• DATA FOR THE TASK
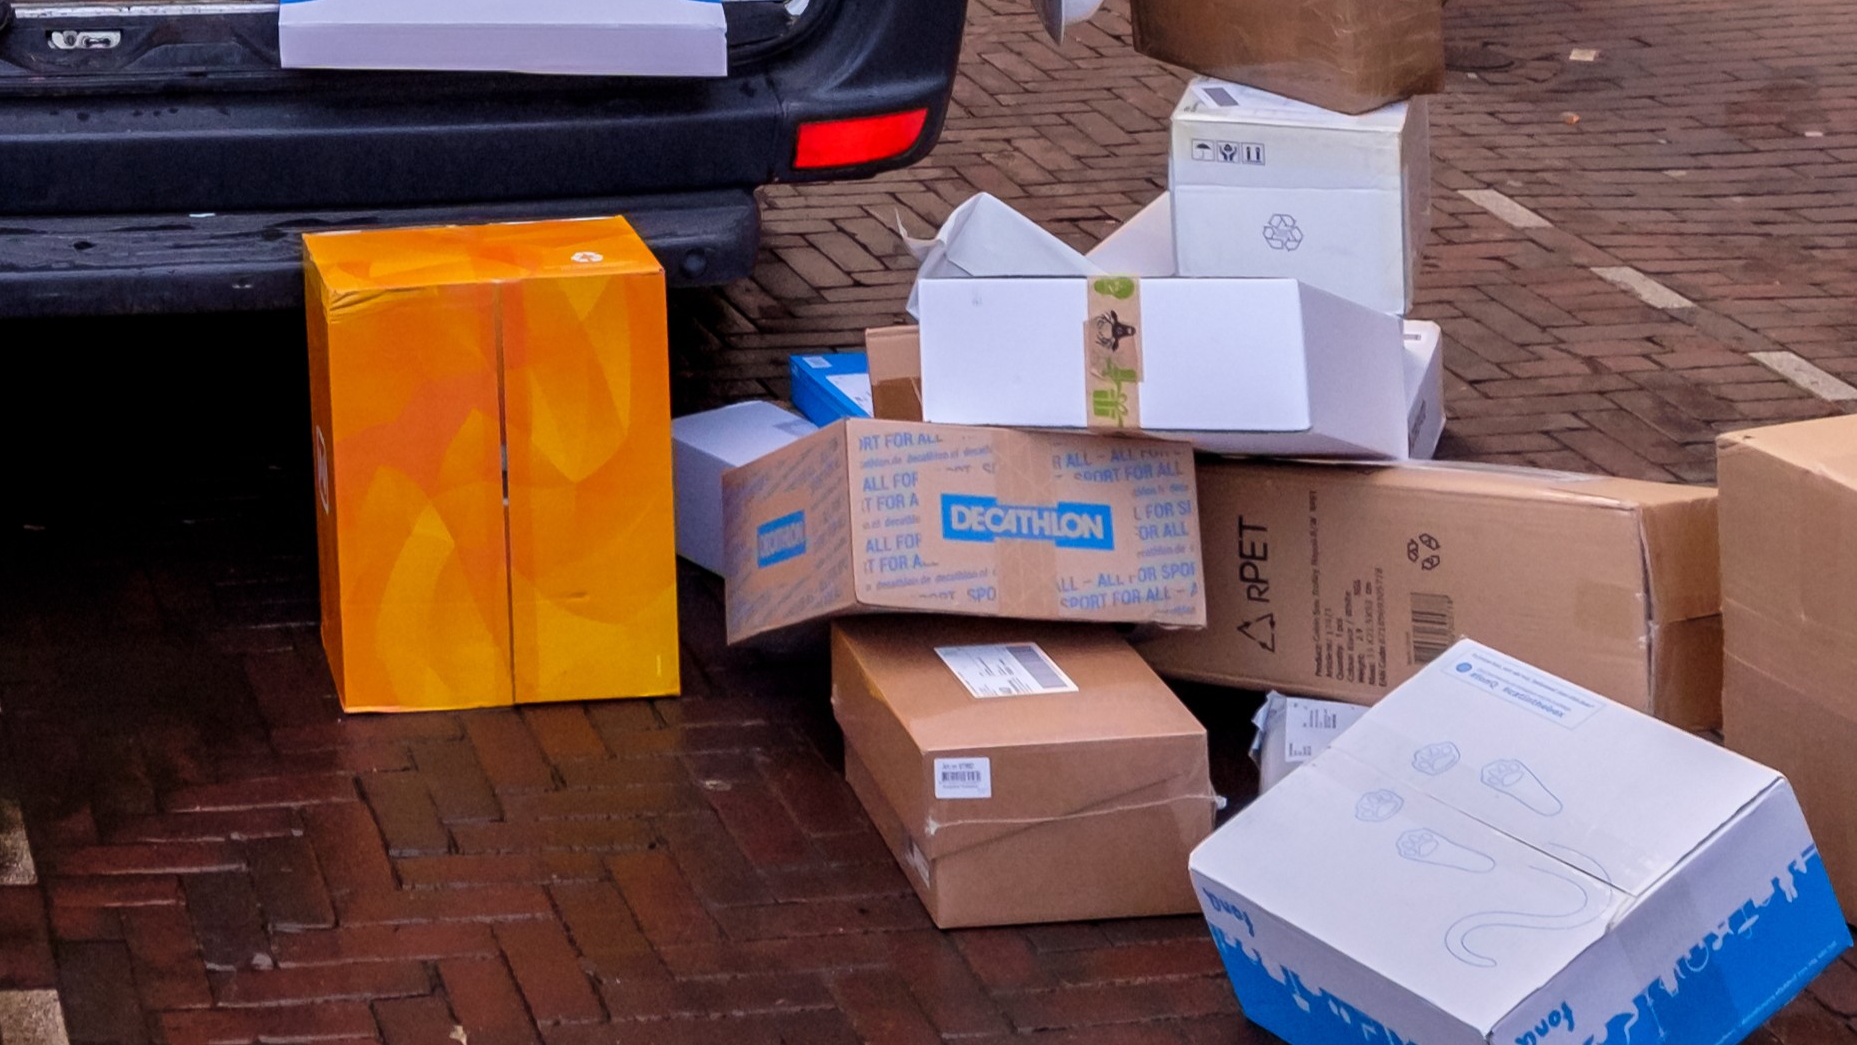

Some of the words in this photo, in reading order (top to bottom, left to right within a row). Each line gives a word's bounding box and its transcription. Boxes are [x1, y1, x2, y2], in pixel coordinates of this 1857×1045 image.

[885, 432, 913, 449] FOR
[863, 476, 889, 492] ALL
[877, 494, 906, 511] FOR
[950, 503, 1105, 541] DECATHLON
[1163, 521, 1190, 537] ALL
[866, 538, 892, 553] ALL
[879, 555, 909, 572] FOR
[1146, 584, 1172, 602] ALL
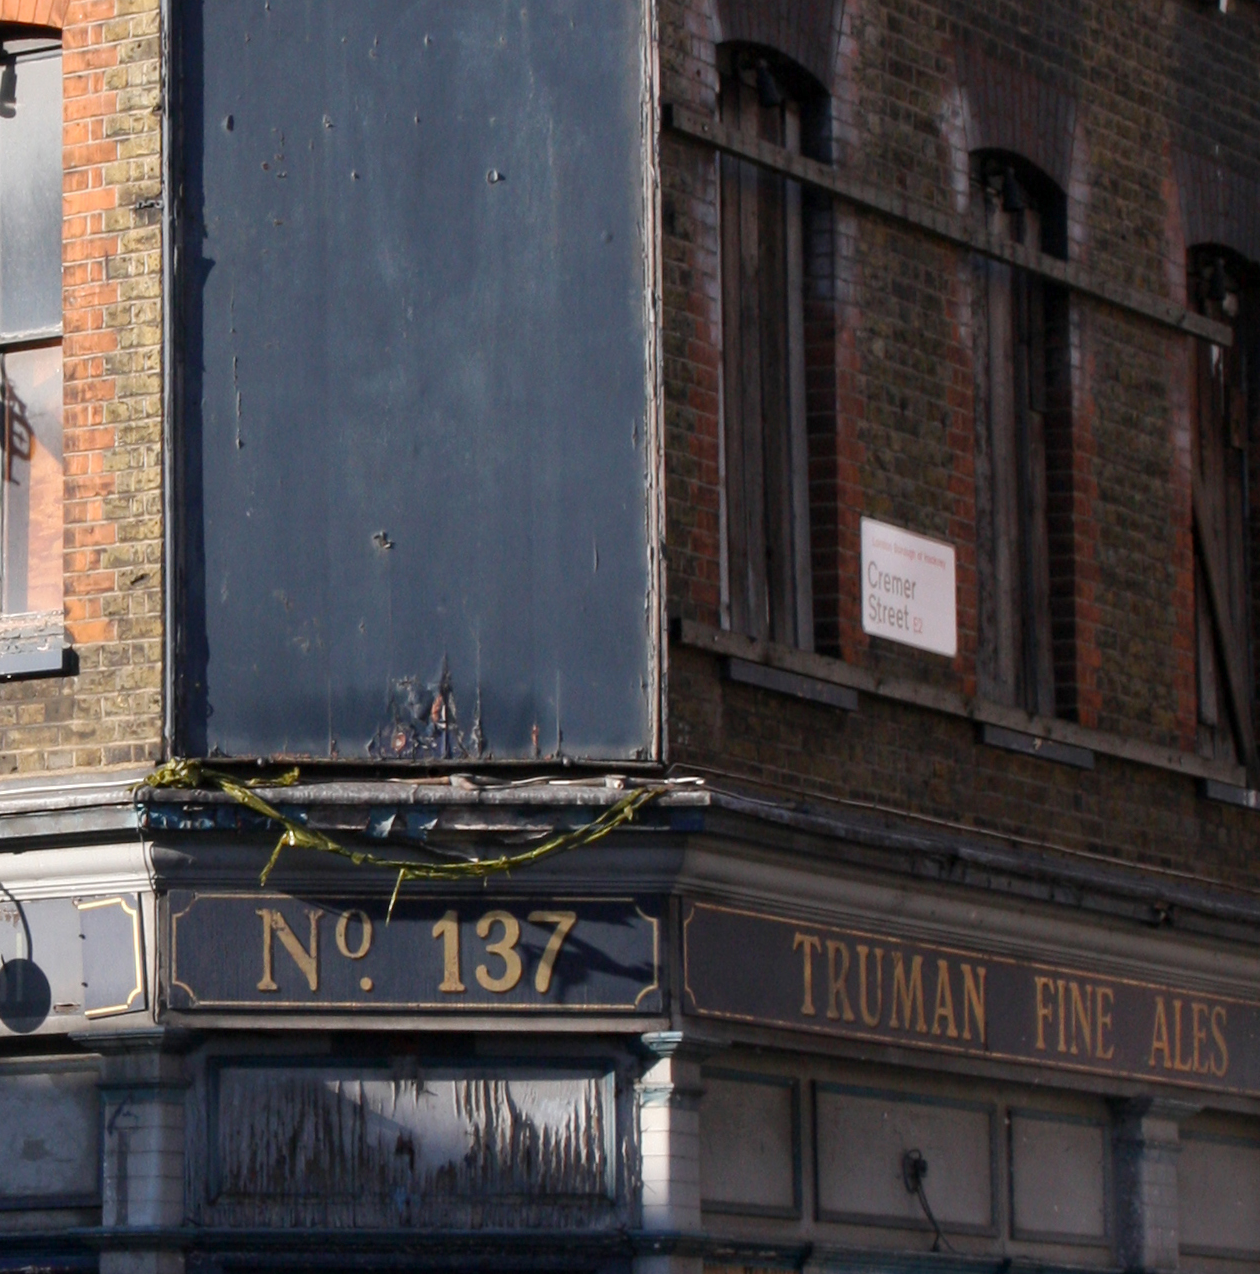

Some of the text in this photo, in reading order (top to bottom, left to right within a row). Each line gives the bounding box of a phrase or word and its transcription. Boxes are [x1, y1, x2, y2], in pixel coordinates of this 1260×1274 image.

[867, 560, 917, 600] Cremer
[868, 594, 910, 630] Street
[431, 910, 578, 994] 137
[792, 932, 1231, 1078] TRUMAN FINE ALES
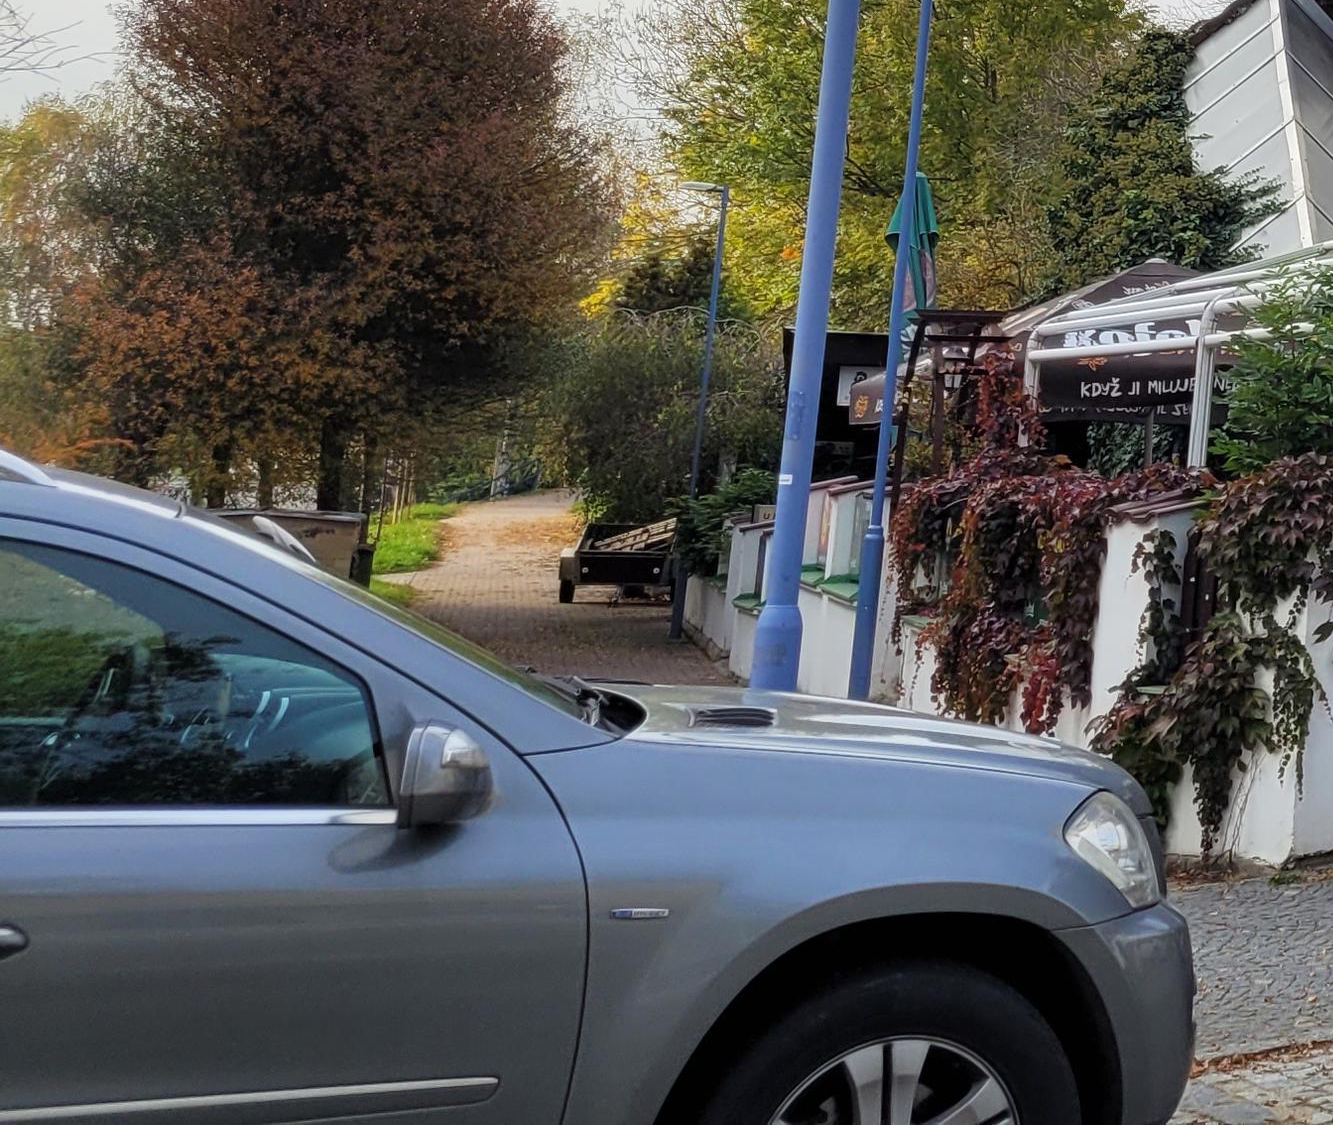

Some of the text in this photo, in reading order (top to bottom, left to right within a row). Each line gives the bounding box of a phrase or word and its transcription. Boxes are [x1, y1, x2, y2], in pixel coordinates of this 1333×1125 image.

[1080, 377, 1122, 398] KDYŽ
[1128, 382, 1140, 396] JI
[1148, 378, 1196, 395] MILUJE
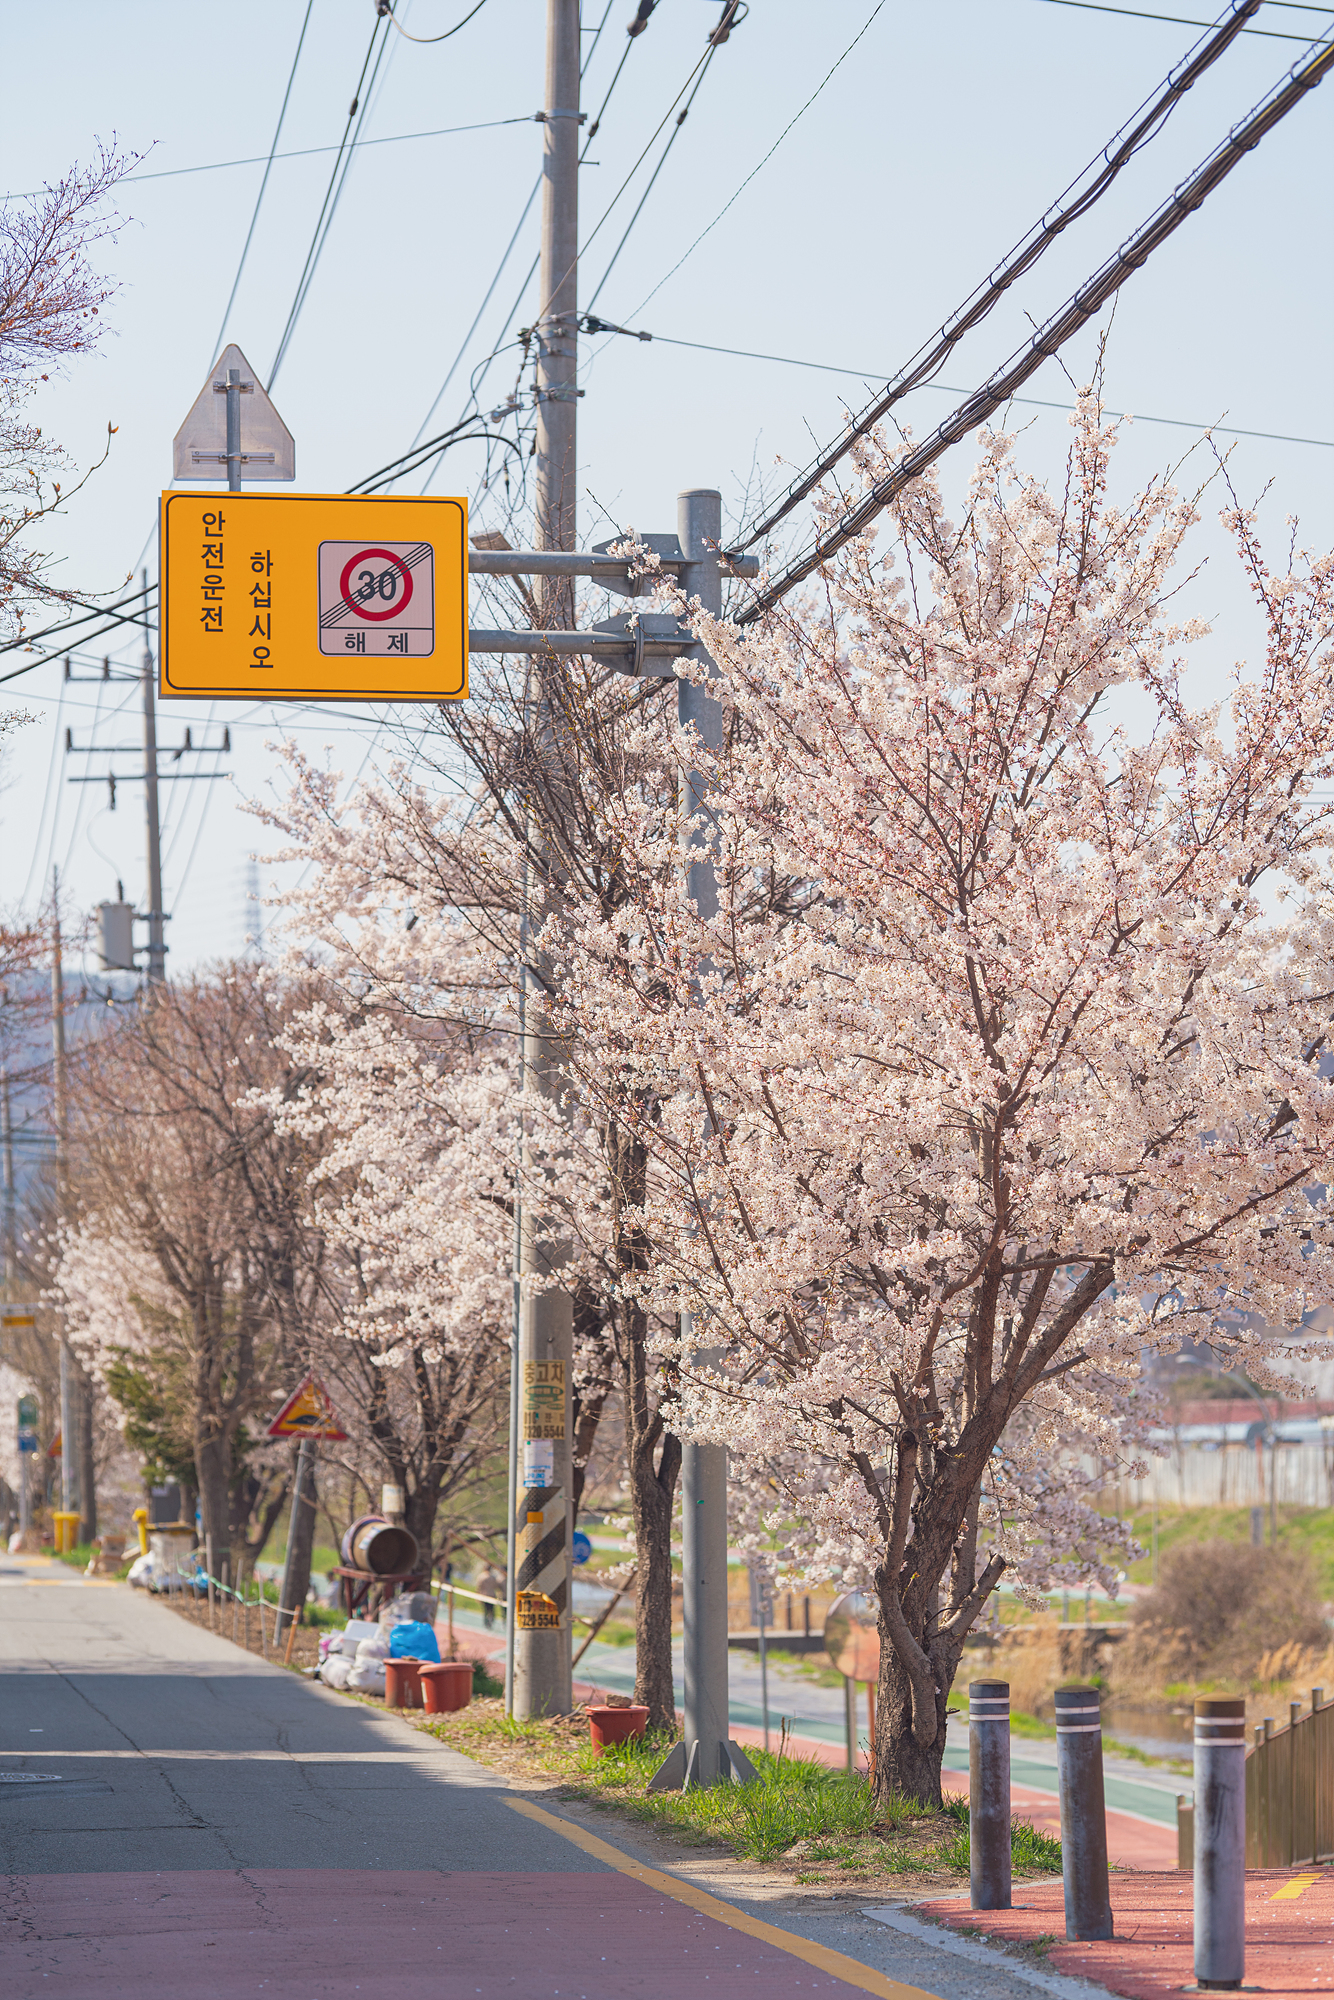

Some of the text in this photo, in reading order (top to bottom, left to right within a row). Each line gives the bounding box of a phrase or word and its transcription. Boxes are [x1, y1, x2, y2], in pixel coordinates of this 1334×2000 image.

• AIM OF THE TASK
Each line in the records above should be reproduced exactly; images are not copied.

• RESULT OF THE EXERCISE
Some of the words in this photo, in reading order (top to bottom, left to right within a row). Each line gives a word's bounding box and its transcription. Boxes are [x1, y1, x2, y2], in pixel coordinates of this 1857×1045 image.

[885, 432, 913, 449] FOR
[863, 476, 889, 492] ALL
[877, 494, 906, 511] FOR
[950, 503, 1105, 541] DECATHLON
[1163, 521, 1190, 537] ALL
[866, 538, 892, 553] ALL
[879, 555, 909, 572] FOR
[1146, 584, 1172, 602] ALL

Some of the text in this photo, in reading order (top to bottom, left to right within a row). Each line gives the bounding box of a phrase or word and its transcription. Boxes are [x1, y1, x2, y2], in pixel coordinates of this 1260×1274 image.

[867, 560, 917, 600] Cremer
[868, 594, 910, 630] Street
[431, 910, 578, 994] 137
[792, 932, 1231, 1078] TRUMAN FINE ALES

Some of the text in this photo, in reading order (top to bottom, left to right within a row). Each line gives the bounding box of a phrase or word and its transcription. Boxes are [x1, y1, x2, y2], in pixel coordinates of this 1333×1125 image.

[1080, 377, 1122, 398] KDYŽ
[1128, 382, 1140, 396] JI
[1148, 378, 1196, 395] MILUJE

Some of the text in this photo, in reading order (top to bottom, left to right within a row). Each line gives the bounding box of a phrase or word and its transcription. Boxes are [x1, y1, x2, y2], in pixel coordinates of this 1334×2000 image.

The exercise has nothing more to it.